## DATASET EXTRACT
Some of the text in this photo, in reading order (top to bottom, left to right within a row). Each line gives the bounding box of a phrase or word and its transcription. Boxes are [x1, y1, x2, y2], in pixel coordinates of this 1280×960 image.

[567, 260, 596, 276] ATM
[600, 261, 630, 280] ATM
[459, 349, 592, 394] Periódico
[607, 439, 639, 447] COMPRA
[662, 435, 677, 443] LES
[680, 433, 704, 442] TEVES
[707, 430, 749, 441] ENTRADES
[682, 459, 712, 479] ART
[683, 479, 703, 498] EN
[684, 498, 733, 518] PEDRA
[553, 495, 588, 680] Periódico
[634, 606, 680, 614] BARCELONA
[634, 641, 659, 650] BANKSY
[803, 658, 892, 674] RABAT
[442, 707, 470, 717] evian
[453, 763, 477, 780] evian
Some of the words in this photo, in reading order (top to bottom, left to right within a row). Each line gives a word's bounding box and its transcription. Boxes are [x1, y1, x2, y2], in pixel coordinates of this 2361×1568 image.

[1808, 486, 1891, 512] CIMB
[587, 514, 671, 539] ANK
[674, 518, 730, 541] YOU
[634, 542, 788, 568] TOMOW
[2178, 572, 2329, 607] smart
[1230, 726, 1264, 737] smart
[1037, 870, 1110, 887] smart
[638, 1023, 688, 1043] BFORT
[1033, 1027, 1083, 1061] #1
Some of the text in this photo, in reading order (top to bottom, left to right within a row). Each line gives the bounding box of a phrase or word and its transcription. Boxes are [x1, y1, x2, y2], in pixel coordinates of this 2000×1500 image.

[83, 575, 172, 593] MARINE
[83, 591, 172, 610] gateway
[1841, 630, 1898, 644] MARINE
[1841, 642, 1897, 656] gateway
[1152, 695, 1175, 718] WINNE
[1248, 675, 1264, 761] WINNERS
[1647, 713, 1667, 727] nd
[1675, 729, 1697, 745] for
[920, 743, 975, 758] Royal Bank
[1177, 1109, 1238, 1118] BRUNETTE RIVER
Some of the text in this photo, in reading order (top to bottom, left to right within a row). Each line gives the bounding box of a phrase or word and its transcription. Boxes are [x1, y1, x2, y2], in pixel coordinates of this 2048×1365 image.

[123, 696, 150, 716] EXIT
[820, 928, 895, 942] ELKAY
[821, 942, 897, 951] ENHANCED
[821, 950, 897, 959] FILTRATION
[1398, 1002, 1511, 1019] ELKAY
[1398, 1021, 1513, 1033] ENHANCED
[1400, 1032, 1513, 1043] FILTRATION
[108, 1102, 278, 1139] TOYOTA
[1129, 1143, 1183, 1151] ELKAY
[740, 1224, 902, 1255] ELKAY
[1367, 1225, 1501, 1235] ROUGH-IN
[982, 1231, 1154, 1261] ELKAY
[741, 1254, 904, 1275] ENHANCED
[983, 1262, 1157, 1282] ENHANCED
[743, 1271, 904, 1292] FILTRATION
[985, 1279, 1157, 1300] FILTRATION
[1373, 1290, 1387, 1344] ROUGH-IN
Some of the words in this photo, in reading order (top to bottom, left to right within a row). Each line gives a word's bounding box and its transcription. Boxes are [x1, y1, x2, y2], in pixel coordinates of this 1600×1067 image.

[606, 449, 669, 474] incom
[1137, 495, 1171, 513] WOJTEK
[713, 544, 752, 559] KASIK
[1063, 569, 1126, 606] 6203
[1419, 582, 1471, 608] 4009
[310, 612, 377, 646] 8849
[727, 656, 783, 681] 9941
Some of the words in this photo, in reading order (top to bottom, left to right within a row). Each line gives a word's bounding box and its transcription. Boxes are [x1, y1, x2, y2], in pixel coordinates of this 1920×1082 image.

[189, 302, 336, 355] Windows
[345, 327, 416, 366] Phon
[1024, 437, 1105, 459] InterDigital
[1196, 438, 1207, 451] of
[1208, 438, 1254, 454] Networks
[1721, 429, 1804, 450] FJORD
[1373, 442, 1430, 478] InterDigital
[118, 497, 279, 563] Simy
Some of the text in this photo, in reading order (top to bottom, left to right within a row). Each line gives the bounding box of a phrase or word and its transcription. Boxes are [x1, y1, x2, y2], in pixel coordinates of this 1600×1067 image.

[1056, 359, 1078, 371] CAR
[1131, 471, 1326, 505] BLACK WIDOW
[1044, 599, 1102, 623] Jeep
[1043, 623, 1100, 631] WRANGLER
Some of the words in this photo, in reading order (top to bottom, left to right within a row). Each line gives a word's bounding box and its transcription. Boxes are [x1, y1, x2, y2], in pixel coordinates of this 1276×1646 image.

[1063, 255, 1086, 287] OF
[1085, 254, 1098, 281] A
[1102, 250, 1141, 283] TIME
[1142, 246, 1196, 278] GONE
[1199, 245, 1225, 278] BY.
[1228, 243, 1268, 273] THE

## PROBLEM DESCRIPTION
Set down only the lines running from the line with "this 1276×1646 image." to the end of the entries above, both included, exactly as they stand.

## COMPLETED TASK
Some of the words in this photo, in reading order (top to bottom, left to right within a row). Each line gives a word's bounding box and its transcription. Boxes are [x1, y1, x2, y2], in pixel coordinates of this 1276×1646 image.

[1063, 255, 1086, 287] OF
[1085, 254, 1098, 281] A
[1102, 250, 1141, 283] TIME
[1142, 246, 1196, 278] GONE
[1199, 245, 1225, 278] BY.
[1228, 243, 1268, 273] THE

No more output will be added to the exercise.